◆ Work item: Print the line containing "Some of the words" and every line after it exactly as written, through the end of the records.

◆ Exercise inputs:

· · ·

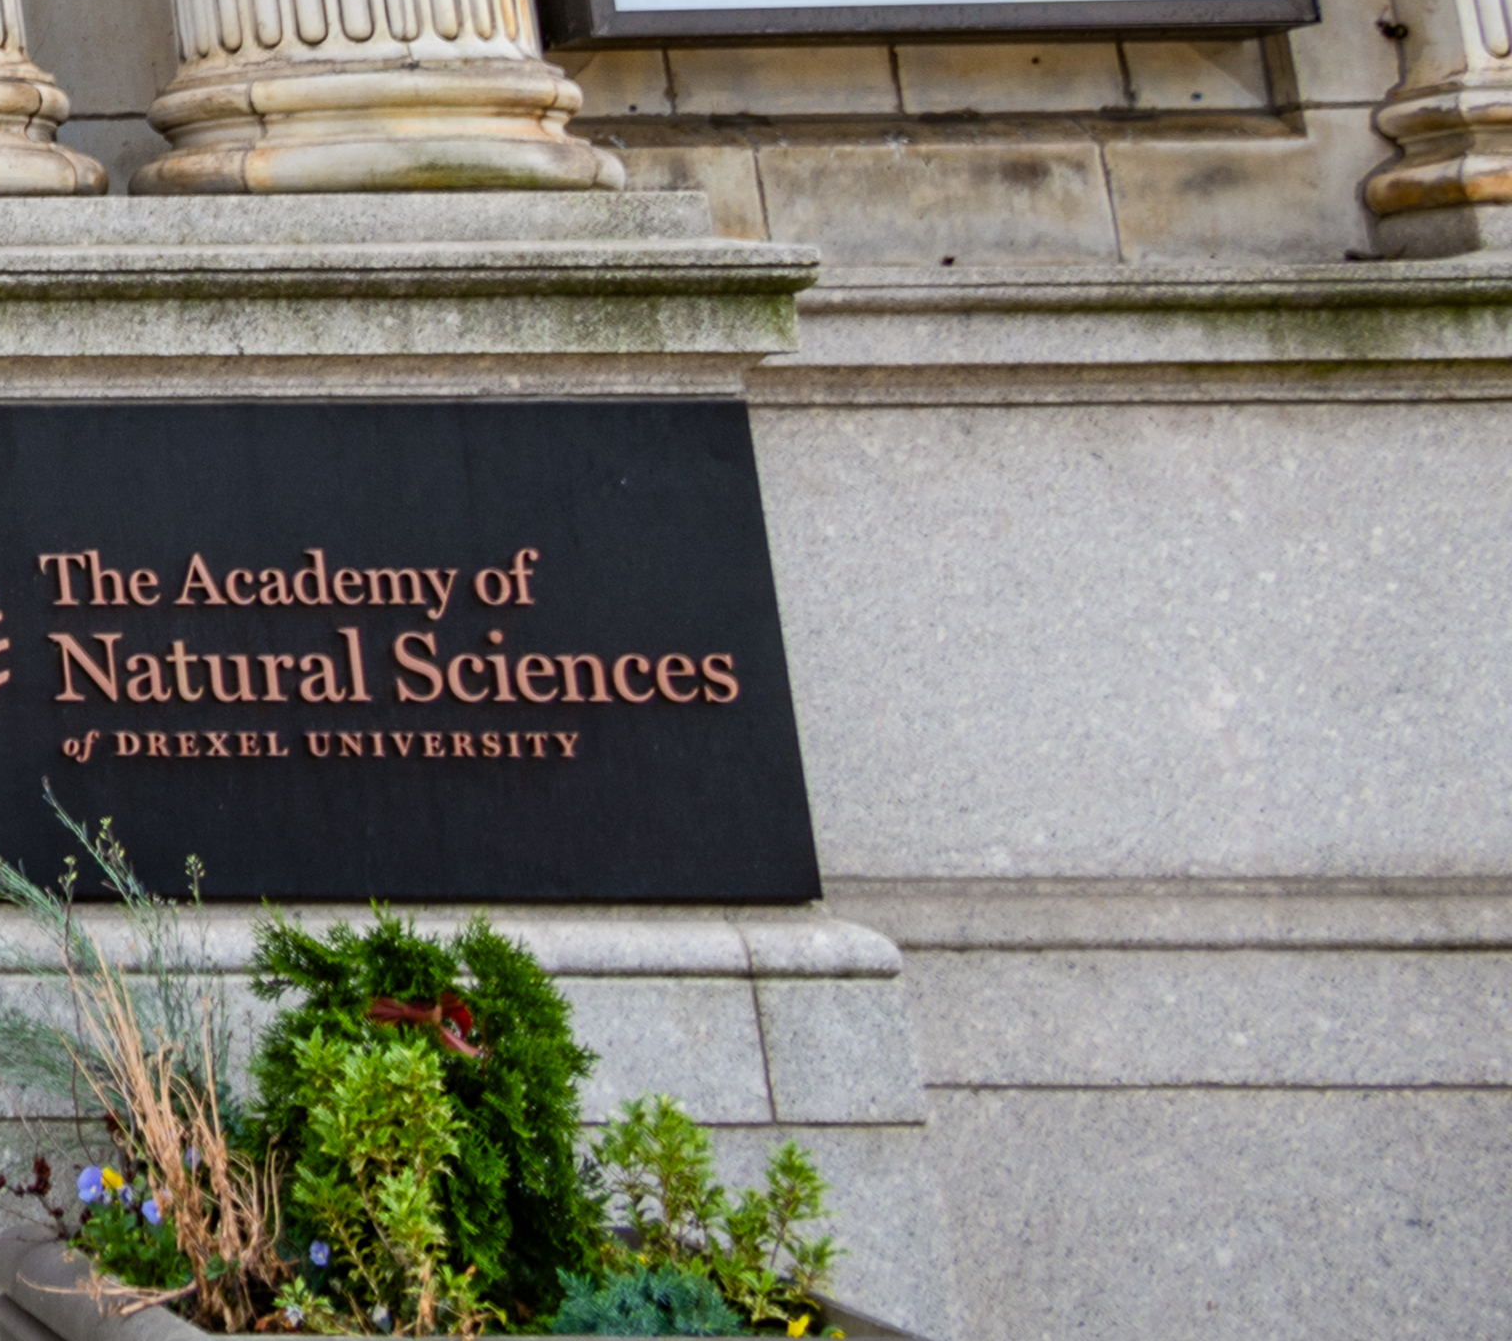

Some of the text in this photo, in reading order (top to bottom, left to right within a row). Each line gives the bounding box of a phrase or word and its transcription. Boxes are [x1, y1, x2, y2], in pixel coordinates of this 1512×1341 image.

[39, 547, 539, 618] The Academy of
[50, 627, 739, 704] Natural Sciences
[63, 729, 580, 762] of DREXEL UNIVERSITY
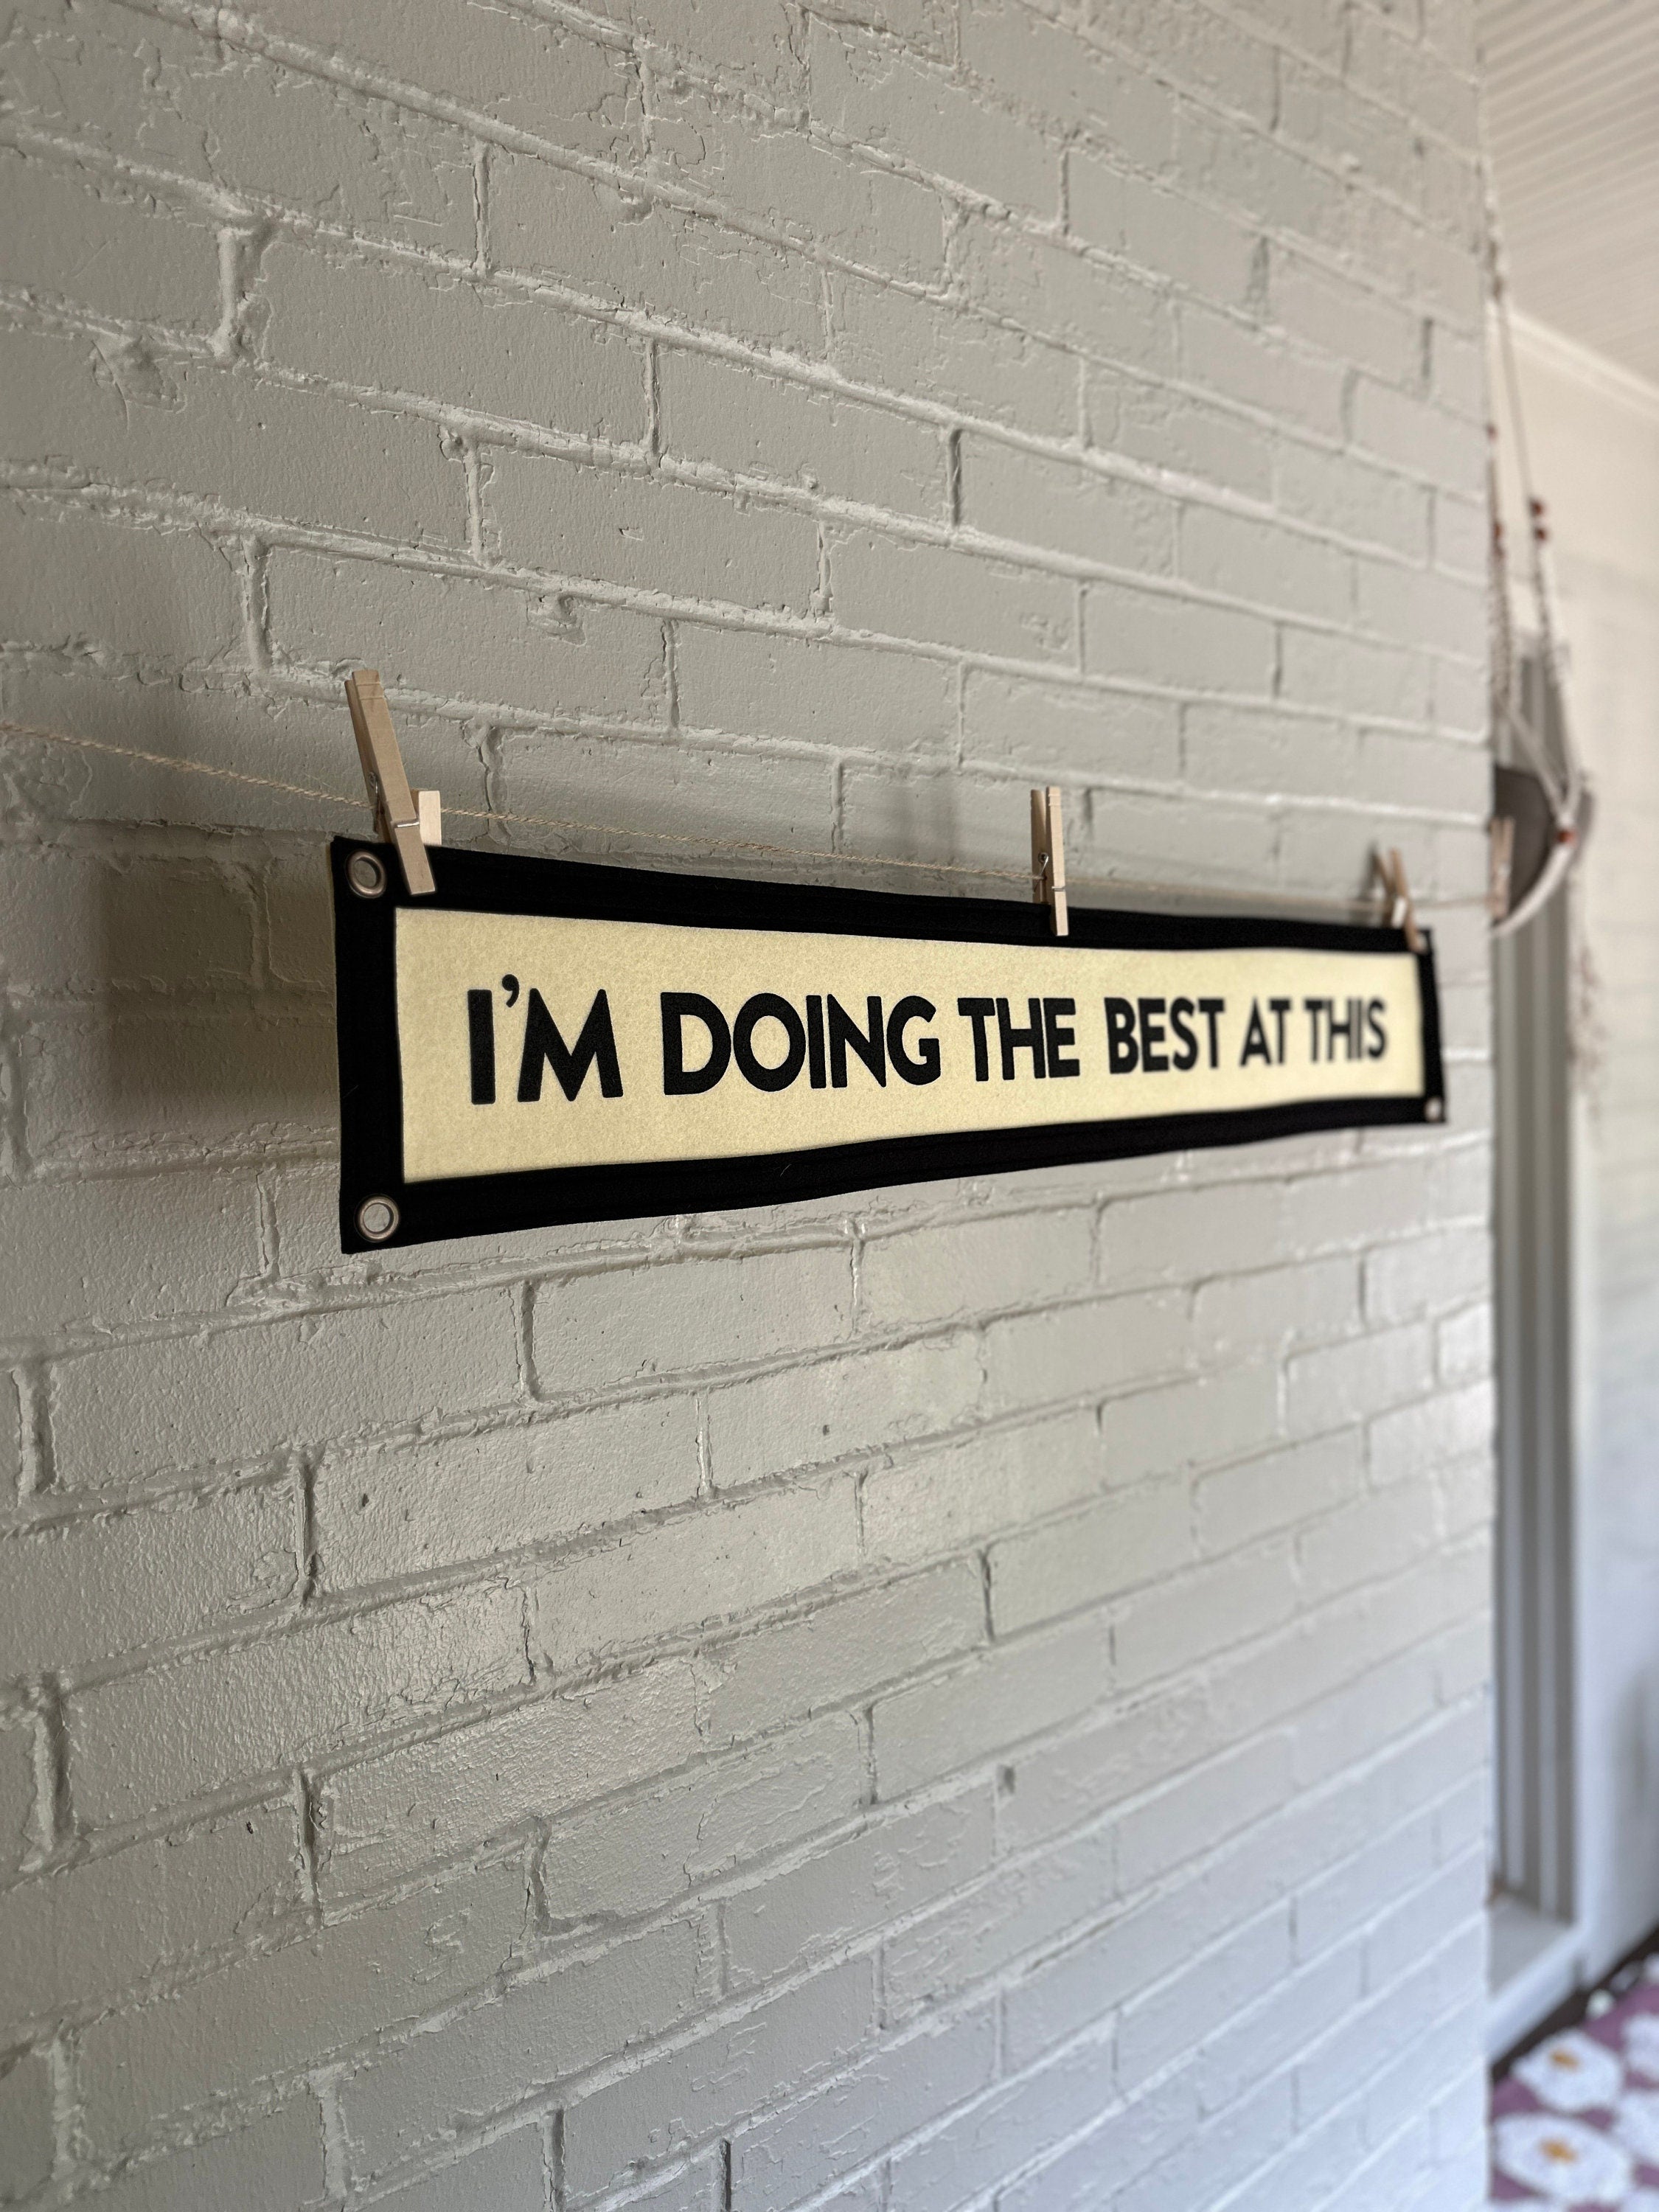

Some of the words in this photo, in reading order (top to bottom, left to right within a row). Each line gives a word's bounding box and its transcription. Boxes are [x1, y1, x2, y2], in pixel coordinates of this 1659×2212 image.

[467, 973, 624, 1105] I'M
[660, 991, 942, 1096] DOING
[957, 997, 1080, 1082] THE
[1104, 997, 1225, 1074] BEST
[1239, 998, 1292, 1068] AT
[1304, 998, 1387, 1065] THIS

· · ·

◆ Solution to this exercise:
Some of the words in this photo, in reading order (top to bottom, left to right within a row). Each line gives a word's bounding box and its transcription. Boxes are [x1, y1, x2, y2], in pixel coordinates of this 1659×2212 image.

[467, 973, 624, 1105] I'M
[660, 991, 942, 1096] DOING
[957, 997, 1080, 1082] THE
[1104, 997, 1225, 1074] BEST
[1239, 998, 1292, 1068] AT
[1304, 998, 1387, 1065] THIS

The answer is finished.